Je suis très perplexe sur tous les cloisonnements et toutes les catégories que le pouvoir, depuis le xixème siècle, a réussi à mettre sur la sexualité. Je trouve que c’est un moyen de répression, à partir du moment où on flanque des étiquettes. Quand on cloisonne, on contrôle, et la répression est là. C’est la fameuse intuition de Foucault, qui d’ailleurs était plus qu’une intuition, où il explique que c’est le plaisir de la traque, à partir du moment où on cherche une vérité de l’homme quant à son rapport au sexe.
Vos précédents films appartenaient à l’univers du mélodrame. Avec Les Passagers, aviez-vous envie de vous confronter à une réalité sociale très forte, très contemporaine ?
Oui et non. J’éprouve une allergie totale pour les « films de banlieue ». Le vérisme des banlieues, le chantage au social m’insupportent… Vraiment, je ne peux plus supporter ce genre de films je ne vais pas vous donner des titres, vous les connaissez mieux que moi ! Et pourtant, la réalité du monde dans lequel je vis m’intéresse. Un certain nombre de choses me révoltent et créent en moi un état d’insurrection permanent. Alors que faire ? Comment concilier la réalité du monde et le refus du vérisme social ?
Dans Les Passagers, vous avez réussi, par une sorte de lyrisme révolté.

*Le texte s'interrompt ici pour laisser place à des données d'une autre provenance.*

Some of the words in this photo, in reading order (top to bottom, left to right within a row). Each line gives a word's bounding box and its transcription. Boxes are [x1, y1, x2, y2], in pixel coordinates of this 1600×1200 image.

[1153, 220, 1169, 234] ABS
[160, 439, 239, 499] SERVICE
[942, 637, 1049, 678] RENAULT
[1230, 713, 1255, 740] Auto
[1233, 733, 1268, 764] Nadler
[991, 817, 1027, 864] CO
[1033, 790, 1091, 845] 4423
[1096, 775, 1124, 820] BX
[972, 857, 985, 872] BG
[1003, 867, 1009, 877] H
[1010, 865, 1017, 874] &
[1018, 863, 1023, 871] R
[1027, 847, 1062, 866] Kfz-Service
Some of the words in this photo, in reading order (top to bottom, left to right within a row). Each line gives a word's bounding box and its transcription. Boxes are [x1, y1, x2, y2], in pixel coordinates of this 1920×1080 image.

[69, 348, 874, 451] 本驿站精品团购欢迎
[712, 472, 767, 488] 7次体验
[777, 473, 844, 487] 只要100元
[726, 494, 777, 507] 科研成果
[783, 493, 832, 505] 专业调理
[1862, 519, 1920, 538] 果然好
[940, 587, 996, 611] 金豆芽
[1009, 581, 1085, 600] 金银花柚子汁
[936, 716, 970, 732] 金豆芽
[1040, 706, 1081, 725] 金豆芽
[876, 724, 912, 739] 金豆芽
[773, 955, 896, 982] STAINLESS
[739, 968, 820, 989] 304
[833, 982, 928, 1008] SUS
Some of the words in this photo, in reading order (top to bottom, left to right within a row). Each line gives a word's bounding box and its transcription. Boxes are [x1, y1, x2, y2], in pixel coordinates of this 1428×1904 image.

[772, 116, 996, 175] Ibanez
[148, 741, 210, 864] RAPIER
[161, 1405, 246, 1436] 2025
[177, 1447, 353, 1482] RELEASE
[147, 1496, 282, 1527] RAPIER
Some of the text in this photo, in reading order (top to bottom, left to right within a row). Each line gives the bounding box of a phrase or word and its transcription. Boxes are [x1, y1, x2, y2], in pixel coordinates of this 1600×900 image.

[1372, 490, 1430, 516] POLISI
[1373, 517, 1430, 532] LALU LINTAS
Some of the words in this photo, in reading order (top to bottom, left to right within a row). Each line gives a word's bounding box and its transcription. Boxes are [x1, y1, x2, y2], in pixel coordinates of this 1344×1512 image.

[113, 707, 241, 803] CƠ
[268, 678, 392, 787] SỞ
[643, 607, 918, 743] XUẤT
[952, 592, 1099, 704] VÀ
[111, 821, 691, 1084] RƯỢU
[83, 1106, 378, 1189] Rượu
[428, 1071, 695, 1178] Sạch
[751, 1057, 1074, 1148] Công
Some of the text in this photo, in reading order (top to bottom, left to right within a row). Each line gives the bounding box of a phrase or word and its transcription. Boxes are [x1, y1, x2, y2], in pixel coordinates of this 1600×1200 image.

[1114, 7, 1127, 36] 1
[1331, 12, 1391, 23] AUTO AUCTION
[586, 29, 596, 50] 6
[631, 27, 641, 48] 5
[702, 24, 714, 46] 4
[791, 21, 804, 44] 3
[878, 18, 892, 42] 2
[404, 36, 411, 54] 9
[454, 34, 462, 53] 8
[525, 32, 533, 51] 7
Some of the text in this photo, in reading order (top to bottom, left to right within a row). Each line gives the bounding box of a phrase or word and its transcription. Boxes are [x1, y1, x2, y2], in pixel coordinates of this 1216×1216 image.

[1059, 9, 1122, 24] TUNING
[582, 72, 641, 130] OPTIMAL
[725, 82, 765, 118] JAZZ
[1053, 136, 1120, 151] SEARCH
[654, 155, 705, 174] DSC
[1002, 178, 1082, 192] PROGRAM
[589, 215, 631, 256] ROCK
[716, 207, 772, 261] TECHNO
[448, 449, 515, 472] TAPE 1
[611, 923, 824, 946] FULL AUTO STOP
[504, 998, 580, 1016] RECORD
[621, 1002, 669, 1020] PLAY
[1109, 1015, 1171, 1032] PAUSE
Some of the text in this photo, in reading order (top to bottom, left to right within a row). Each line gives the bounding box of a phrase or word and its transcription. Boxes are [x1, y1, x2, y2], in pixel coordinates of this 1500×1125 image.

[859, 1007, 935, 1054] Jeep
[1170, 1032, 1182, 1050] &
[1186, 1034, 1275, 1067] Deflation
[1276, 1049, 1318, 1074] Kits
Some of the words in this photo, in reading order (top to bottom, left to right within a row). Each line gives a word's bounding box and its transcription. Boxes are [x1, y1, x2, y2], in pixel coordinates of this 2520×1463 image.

Il y a dans le film un sentiment de résistance à quelque chose qui veut nous éliminer, nous foutre par terre impitoyablement… Une fois de plus, la balade dans la nuit a commencé. Ce film ne peut pas être un film militant dans la mesure où il n’est pas engagé. Si le film était engagé, j’aurais une vérité préconçue avant même de tourner. Ce genre de vérité préconçue est précisément ce qui m’insupporte dans ces films que j’exècre. La seule vérité que je cherche en tournant un film, c’est celle que j’ignore. Je suis parti comme ça, à tâtons, en essayant d’ouvrir des portes sans savoir quelle vérité se cachait derrière. Cette vérité est de l’ordre d’un sentiment, quelque chose de diffus, qui circule, qui traverse le film, qui passe dans les regards, dans un souffle, dans deux corps qui se frôlent, entre deux êtres qui auraient pu se rencontrer… Quel est le secret qui se cache dans les choses et dans les êtres ? S’il est attentif, rigoureux, vigilant, le cinéma est capable de s’approcher de ce secret. La notion de mélodrame est présente dans le film, à partir du moment où des forces destructrices cernent le tram et ses passagers, ce qui rend la vie extrêmement fragile. Or, le mélodrame est lié à l’éphémère. Notre passage dans la lumière du monde est si bref que c’est ce qui crée la beauté. Si on était inoxydable, il n’y aurait ni douleur, ni blessure, ni beauté. C’est la conscience de la finitude qui crée la beauté, c’est le dernier espoir.
Dans une séquence très théâtrale, des gens face caméra psalmodient contre le libéralisme économique. Le théâtre était l’un de vos axes de stylisation pour parler du social ?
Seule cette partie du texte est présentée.